Portsmouth slaves honored, reburied
PORTSMOUTH - Wooden caskets were carried down a path to a vault in the sacred ground that had long been forgotten.
One by one, the pine caskets were carefully placed into the vault to the thumping sound of drum beats.
"Tears of joy, that's exactly what it is for me," said Vernis Jackson, chairwoman of Portsmouth's African Burying Ground Committee who has waited 12 years for the human remains exhumed in 2003 to be reburied.
A much-anticipated reburial ceremony was held Saturday morning to properly return the remains to the earth before hundreds of people - black and white.
The ceremony featured traditional African burial customs and marked the opening of the new $1.2 million Portsmouth African Burying Ground Memorial Park.
Jackson hopes the memorial will become a mecca for people around the country.
"I want people to come and share in this experience of being here and seeing what can happen," she said.
The 6,500-square-foot memorial park was created on what was once a part of Chestnut Street between Court and State streets.
Planning for the park began after the African Burying Ground was rediscovered in 2003 when the city was working on an infrastructure project and pieces of wooden coffins with the remains of 13 people were found buried there.
With assistance from the state archeologist, remains were exhumed for further examination with plans for them to one day be returned.
DNA testing revealed that the remains belonged to people of African descent. As many as 200 people are believed to be buried in the graveyard that dates to the 1700s and was once known as the "Negro Burying Ground."
According to project officials, it is the only African Burial Ground from that era in New England but over time was forgotten as the city grew and the ground was paved over.
Researchers weren't able to determine the exact number of those who were slaves and those who were free at the time of their burial.

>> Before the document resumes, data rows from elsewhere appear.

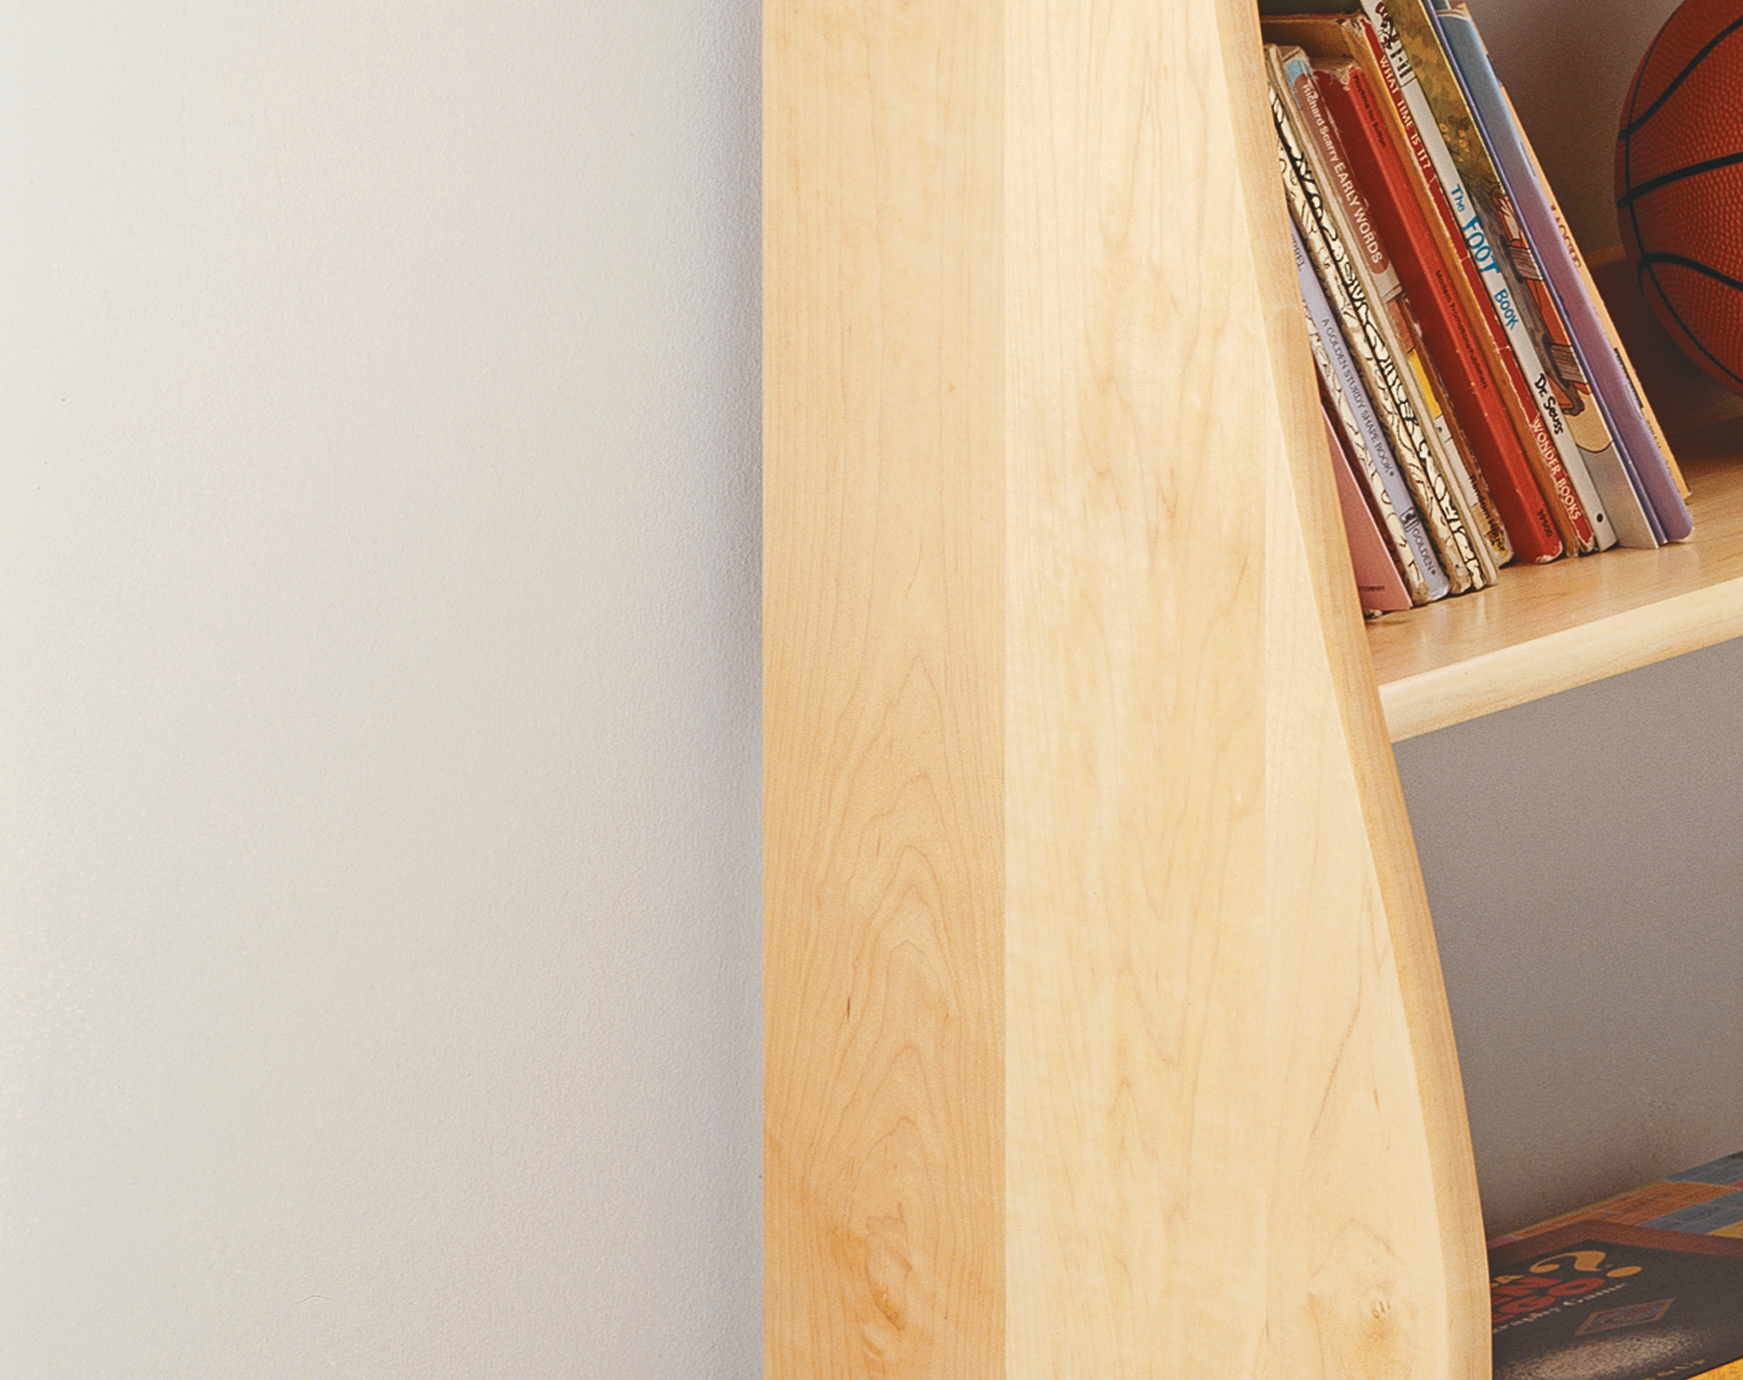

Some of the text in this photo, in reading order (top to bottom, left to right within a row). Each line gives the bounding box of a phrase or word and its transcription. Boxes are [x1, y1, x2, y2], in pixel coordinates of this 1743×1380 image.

[1377, 55, 1431, 169] WHAT TIME IS IT?
[1300, 83, 1384, 264] Richard Scarry EARLY WORDS
[1448, 183, 1469, 212] The
[1457, 214, 1501, 280] FOOT
[1324, 327, 1349, 369] GOLDEN
[1341, 369, 1366, 408] STURDY
[1359, 409, 1381, 443] SHAPE
[1374, 442, 1394, 471] BOOK
[1531, 372, 1567, 435] Dr. Seuss
[1528, 417, 1583, 520] WONDER BOOKS
[1408, 527, 1436, 570] GOLDEN

Census records show there were 70 slaves in New Hampshire by 1708 and the number grew to 656 by 1775. Most of those slaves lived along the coast.

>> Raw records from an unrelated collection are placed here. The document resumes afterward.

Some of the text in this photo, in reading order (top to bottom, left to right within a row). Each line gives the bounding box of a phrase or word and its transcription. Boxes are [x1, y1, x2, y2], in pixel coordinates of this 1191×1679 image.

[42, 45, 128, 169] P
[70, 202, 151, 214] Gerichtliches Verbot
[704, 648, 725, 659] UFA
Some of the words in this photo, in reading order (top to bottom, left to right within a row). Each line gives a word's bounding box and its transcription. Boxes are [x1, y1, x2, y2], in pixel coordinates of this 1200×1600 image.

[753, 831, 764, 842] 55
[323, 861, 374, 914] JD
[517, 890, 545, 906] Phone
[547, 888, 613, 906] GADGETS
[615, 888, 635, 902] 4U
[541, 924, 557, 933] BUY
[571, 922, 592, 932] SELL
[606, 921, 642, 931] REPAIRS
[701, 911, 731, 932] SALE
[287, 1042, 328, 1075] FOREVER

The Portsmouth City Council established the African Burying Ground Committee in 2004 and charged its members with finding a way to properly honor those who were buried under Chestnut Street.
Since then, the committee worked to develop a plan and raise money for the project.
Sculptor and artist Jerome Meadows of Georgia was commissioned to design the park and fabricate several figures that were unveiled during Saturday's ceremony.
A male figure on a monument at the entrance to the park depicts the first African who was brought to Portsmouth in 1645. On the opposite side of the monument is Mother Africa, who represents strength and determination.
The hands of the two figures reach around the monument toward each other.
Meadows said the most challenging artistic component was designing the face of the male figure at the entrance.
"I already have a pretty good understanding of what slavery must have been like, but I was now confronted with someone who I'm seeing as an individual person and what must he have been going through," he said.
Meadows wanted the figure to have a sense of strength and hope, but he also had to knowledge the anger he likely felt at the time.
Beverly Morgan-Welch, chief executive of the Museum of African History in Boston and Nantucket, told the story of how slaves arrived in New England and said it's important for people to know the history of those who were buried under the street.
"You don't simply rip someone from their loved ones arms and make them disappear from history," she said.
Morgan-Welch added, "As we celebrate this country's liberty and freedom and justice in documents that are beautiful to understand and live out, we have to understand that that freedom has not been afforded to everyone. We must understand this history or we continue to be confounded by how we live together," she said.